Uitspraak
RECHTBANK AMSTERDAM
1.De procedure
- de dagvaarding van 27 januari 2017,
- de akte overlegging van producties zijdens [Eiser] ,
- de conclusie van antwoord, met producties,
- het tussenvonnis van 5 april 2017 waarin een comparitie van partijen is gelast,
- het proces-verbaal van comparitie van 4 oktober en de daarin genoemde stukken,
- de brief van 18 oktober 2017 zijdens [Eiser] met een reactie op het proces-verbaal,
- de brief van 20 oktober 2017 zijdens [gedaagde] met een reactie op het proces-verbaal.
2.De feiten
- Het [Naam onderzoeksbureau] rapport weerlegt de aantijgingen van fraude zoals gepubliceerd in de Telegraaf.

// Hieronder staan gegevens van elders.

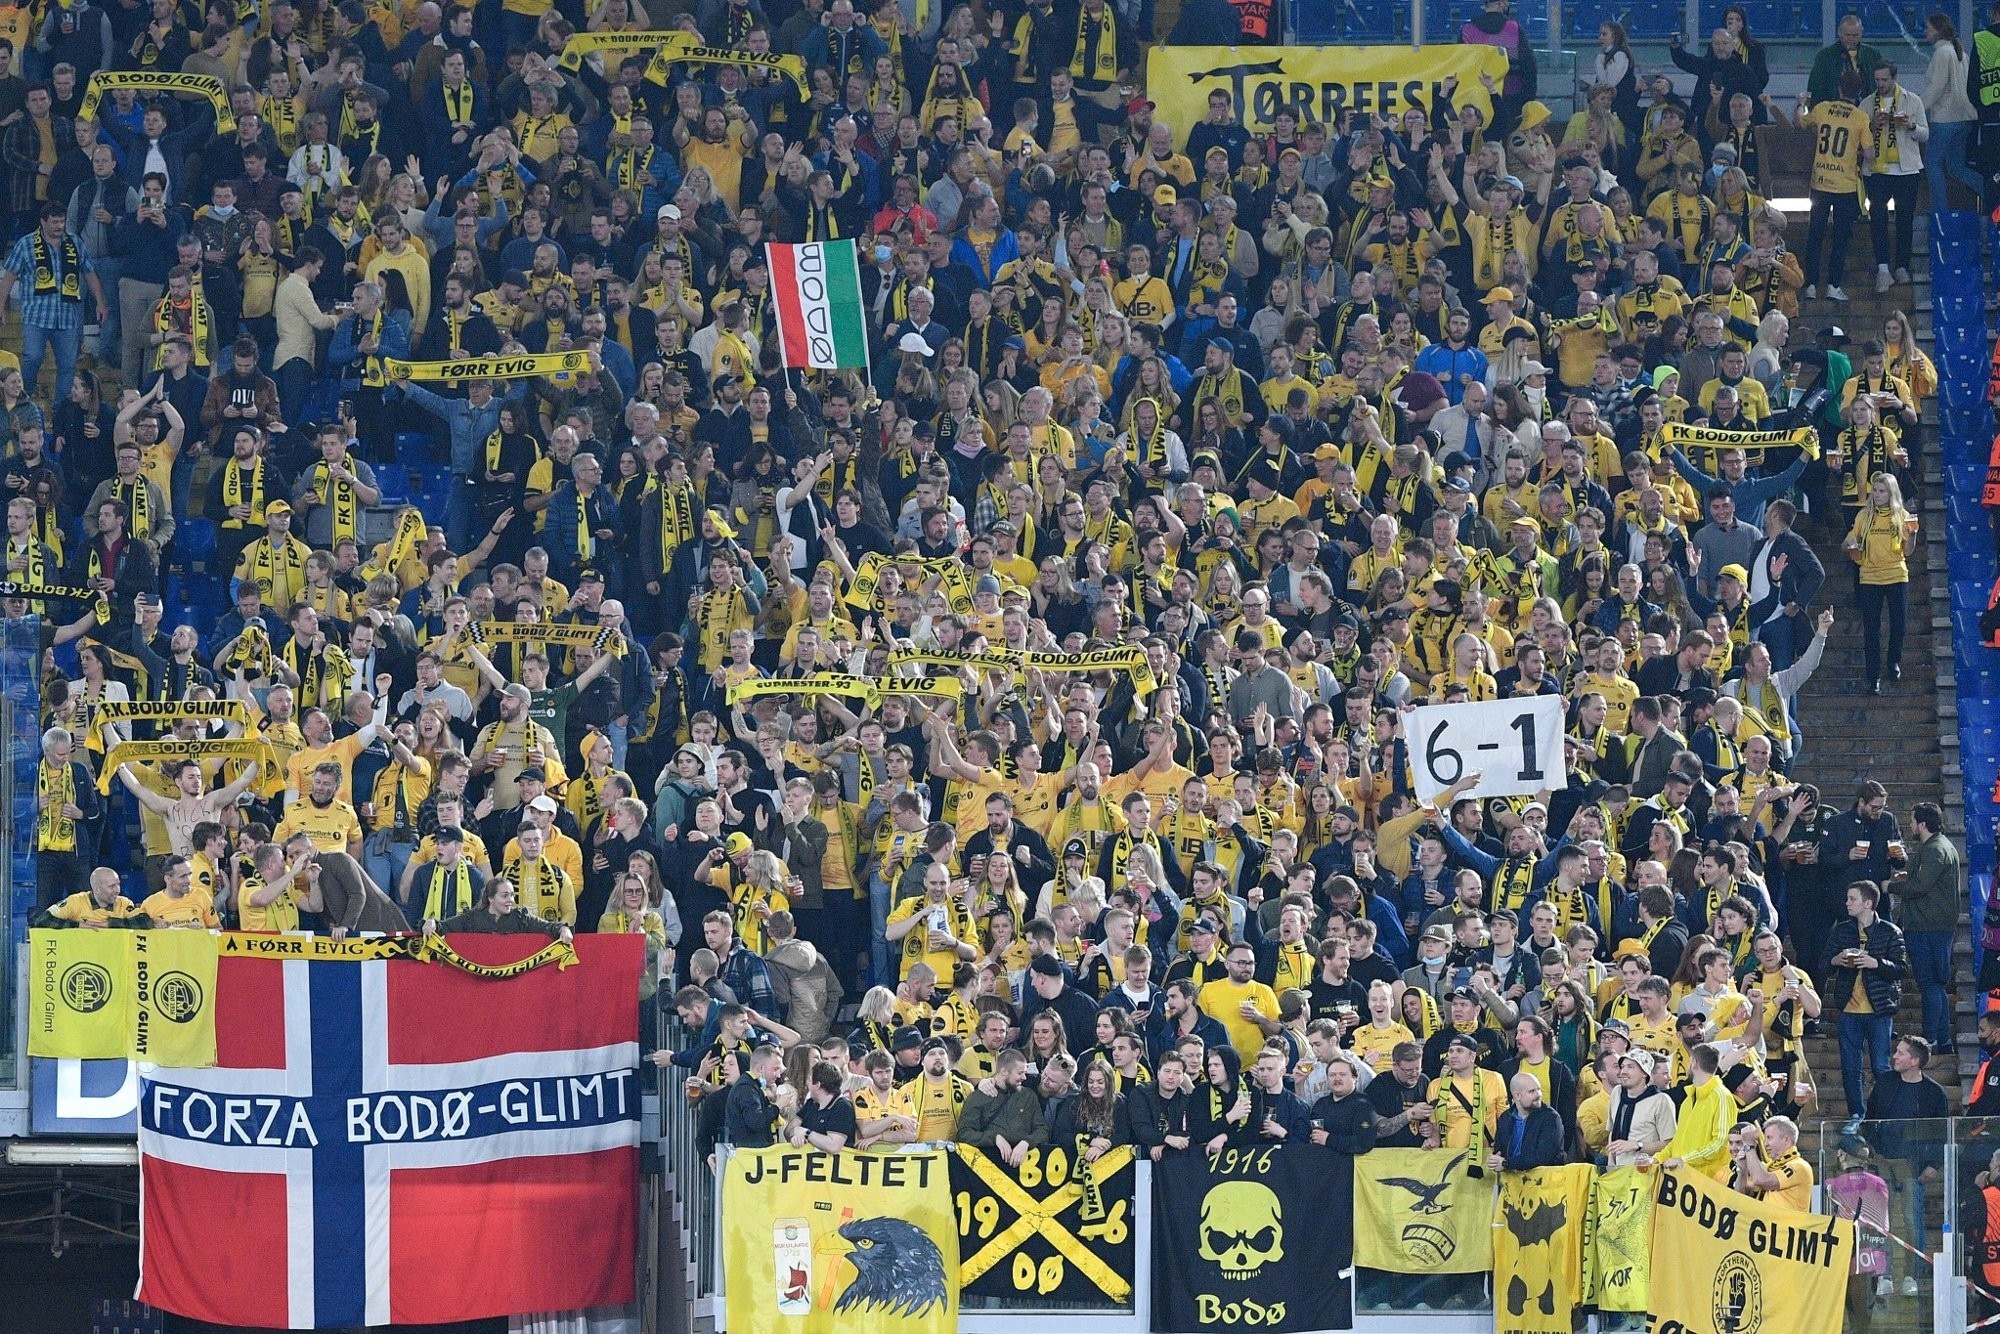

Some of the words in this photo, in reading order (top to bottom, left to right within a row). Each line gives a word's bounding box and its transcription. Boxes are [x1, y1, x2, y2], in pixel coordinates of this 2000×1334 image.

- Behoudens een relatief klein en indertijd meteen door directie afgewikkeld incident is geen fraude vastgesteld.
- Er zijn feiten vastgesteld van (het vermoeden van) het opzettelijk negeren van geldende wet- en regelgeving en/of het negeren van interne [gedaagde] regels.
- Meerdere malen blijken doelredeneringen gevolgd te zijn in het kader van Europese, nationale en/of interne aanbestedingsregels.
- Uit het feitencomplex blijkt dat er structureel sprake is geweest van bestuurlijk gedrag dat niet voldoet aan de regels van good governance. Dit betreft aspecten van regels van integriteit, rechtmatigheid, doelmatigheid en verantwoordelijkheid.
- Deze constatering betreft de toenmalige directie.
- M.b.t. een functionaris heeft een indertijd afgewikkeld integriteitsissue gespeeld.